La soberanía nacional y el ejercicio pleno de la ciudadanía // Yasmin Núñez García

Decía mi ilustre maestro, el Dr. Pedro Alciro Barboza de la Torre, que "a lo largo de la historia en todo grupo humano, menos en la horda, ha existido de algún modo la soberanía, entendida como una forma de conducta para dirigir y gobernar para el bien común, pero si esa soberanía se ejerce con abuso o imposición en grado extraordinario de poder ya no puede llamarse soberanía, sino que le es propio calificarlo de tiranía".

Fue durante la Revolución Francesa que la soberanía absoluta le fue arrebatada al monarca y se trasladó al "pueblo", tal como lo recogió la Constitución Francesa de 1793, como principio de la Soberanía Popular, inspirado en las ideas de Jean Jacques Rousseau, y de donde pasó prácticamente al calco a la mayoría de las constituciones del mundo.

Las innumerables constituciones venezolanas no han sido la excepción, prácticamente todas han establecido, con más o menos limitaciones, el principio de la Soberanía Popular, el cual se encuentra consagrado en el Artículo 5 de la actual Constitución Nacional.
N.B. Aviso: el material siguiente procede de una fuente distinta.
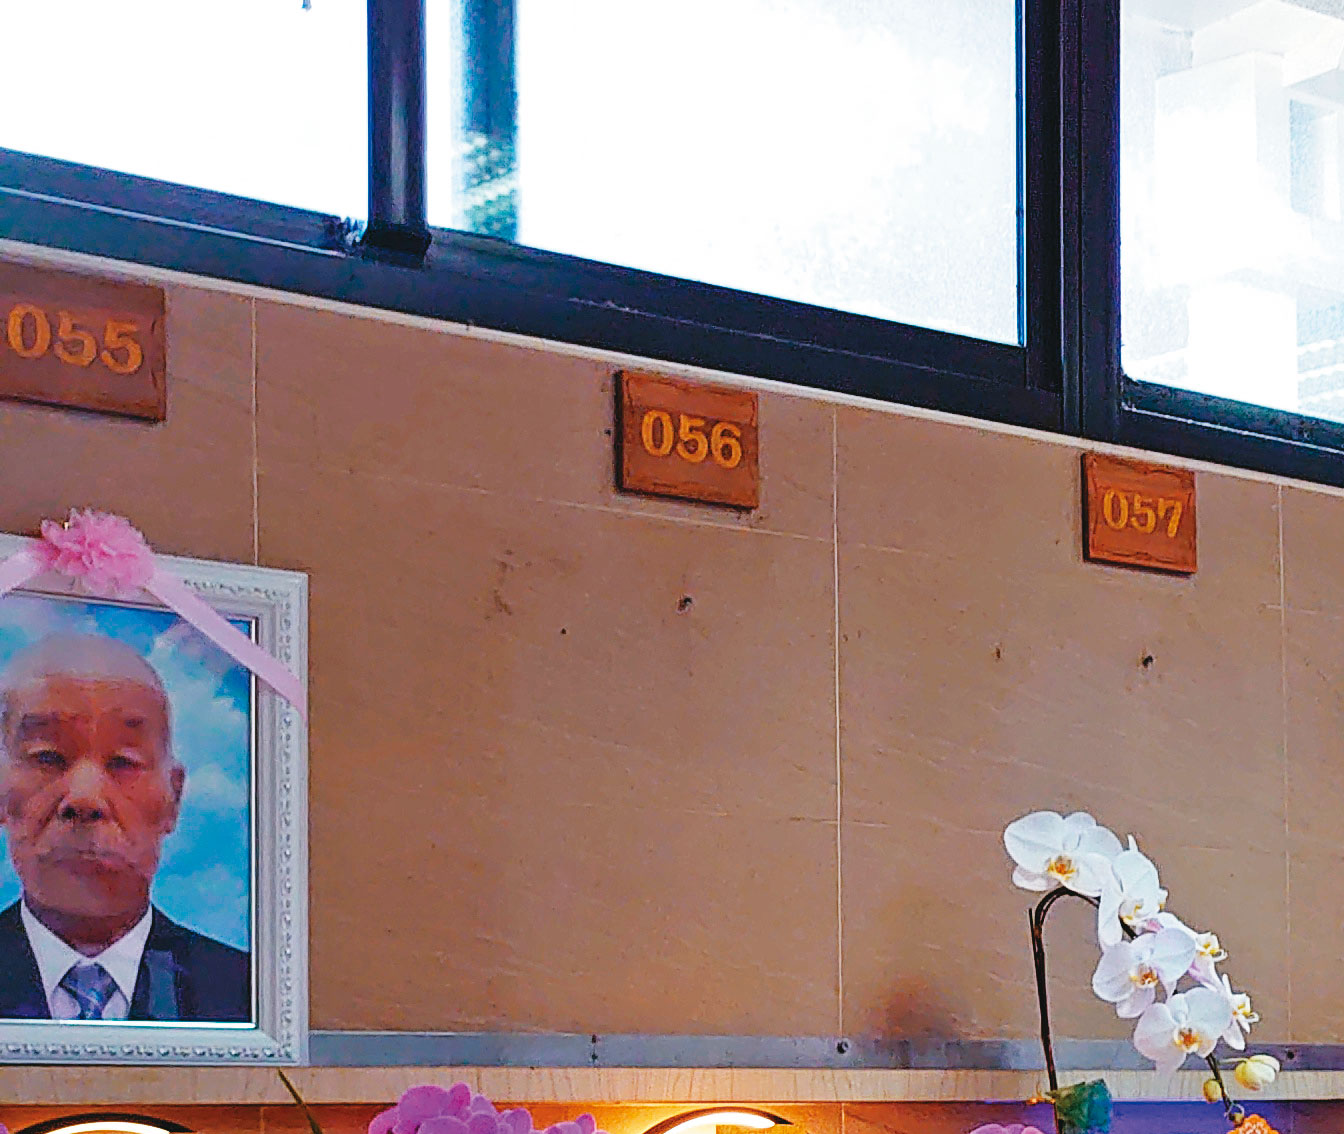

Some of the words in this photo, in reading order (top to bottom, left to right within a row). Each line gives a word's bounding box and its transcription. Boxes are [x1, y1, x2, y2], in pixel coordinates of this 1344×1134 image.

[7, 303, 143, 375] 055
[641, 409, 742, 469] 056
[1102, 488, 1183, 539] 057
Mientras que en países con democracias sólidas y avanzadas ese principio de Soberanía Popular va más allá del simple hecho de ir a votar, y se ha convertido en la base indiscutible de participación ciudadana en todos los asuntos que le atañen, en nuestro continente el retroceso en este sentido es más que evidente.

En Venezuela, desde que se consagró el derecho al sufragio universal y secreto, hasta el día de hoy, -donde eso se ha perdido-, el principio de Soberanía Popular ha derivado en un simple formalismo que los políticos vaciaron de contenido, "ex profeso", para castrar el sentimiento de ciudadanía, que engendra deberes, pero también derechos, como participar activamente en los asuntos que le atañen en lo político, en lo social y en lo económico.

Los políticos de ayer, y más aún los de hoy, se han aprovechado vilmente de la confianza, pero también de la ignorancia política de la gente, para intentar reducirnos a la triste figura de meros borregos electorales.

Por décadas nos han hecho creer que el ejercicio de la Soberanía Popular se limita al acto del sufragio, pero ni eso se respeta ya. Hoy en día se vota, pero no se elige, y cuando se elige, "el poder" se encarga de desbaratar lo que sale medianamente limpio de las urnas electorales.

En las cuatro décadas anteriores a 1998 ya la participación ciudadana era prácticamente nula, las vigorosas maquinarias electorales alimentadas por la pródiga hacienda pública nacional, regional y municipal se encargaba de dirigir a las masas hacia el candidato que casi por turno se le asignaba la elección. De allí pasamos a la fase más tóxica y destructiva del ejercicio del Poder: "la era chavista", donde no solo se produce el expolio de las riquezas de la nación, sino que además se anula casi por completo el principio de la Soberanía Popular, y en esa tarea, infortunadamente, el avaricioso "liderazgo" opositor contribuyó en la degradación de tan esencial principio.

Pareciera que, tanto quienes hoy detentan el poder de manera autoritaria, como quienes estuvieron llamados a hacer oposición, y no lo hicieron, trabajaron juntos y con esmero para provocar el actual divorcio que existe entre los ciudadanos y sus representantes políticos.

Sería inútil a estas alturas pedir rectificaciones, el sistema está tan viciado de lado y lado que no nos queda otra alternativa que aferrarnos a una transición que asuma como tarea principal la construcción de un nuevo "Estado de Derecho", con el levantamiento de unas fuertes y vigorosas columnas que sostengan los tres principales poderes del Estado, eso sí, con refuerzos suficientes para que nunca más nadie ose a destruirlos causándonos tantas desgracias juntas.

En esa nueva reinstitucionalización de la República de Venezuela el principio de la "Soberanía Popular" debe ser fortalecido para que los ciudadanos puedan participar activamente en las decisiones más importantes, mientras que los gobernantes deberán someterse al escrutinio público y acostumbrarse a rendir cuentas a los ciudadanos.

Ese divorcio intencional entre electores y elegidos debe llegar a su fin.

Desde concejales, alcaldes, gobernadores, diputados y senadores de un nuevo Congreso Nacional, hasta el Presidente de la República, incluso los magistrados del Tribunal Supremo de Justicia y los miembros del Poder Electoral, deberán estar sometidos al control ciudadano, mediante mecanismos eficaces y oportunos. Los candidatos a un cargo popular deberán contar con un espacio donde recibir los reclamos y las recomendaciones de los ciudadanos, y los cabildos abiertos deberían ser por norma obligatorios.

Esos cheques en blanco, esas confianzas absolutas, esa fe ciega en los políticos no debe tener ninguna cabida en la Venezuela que está a punto de nacer.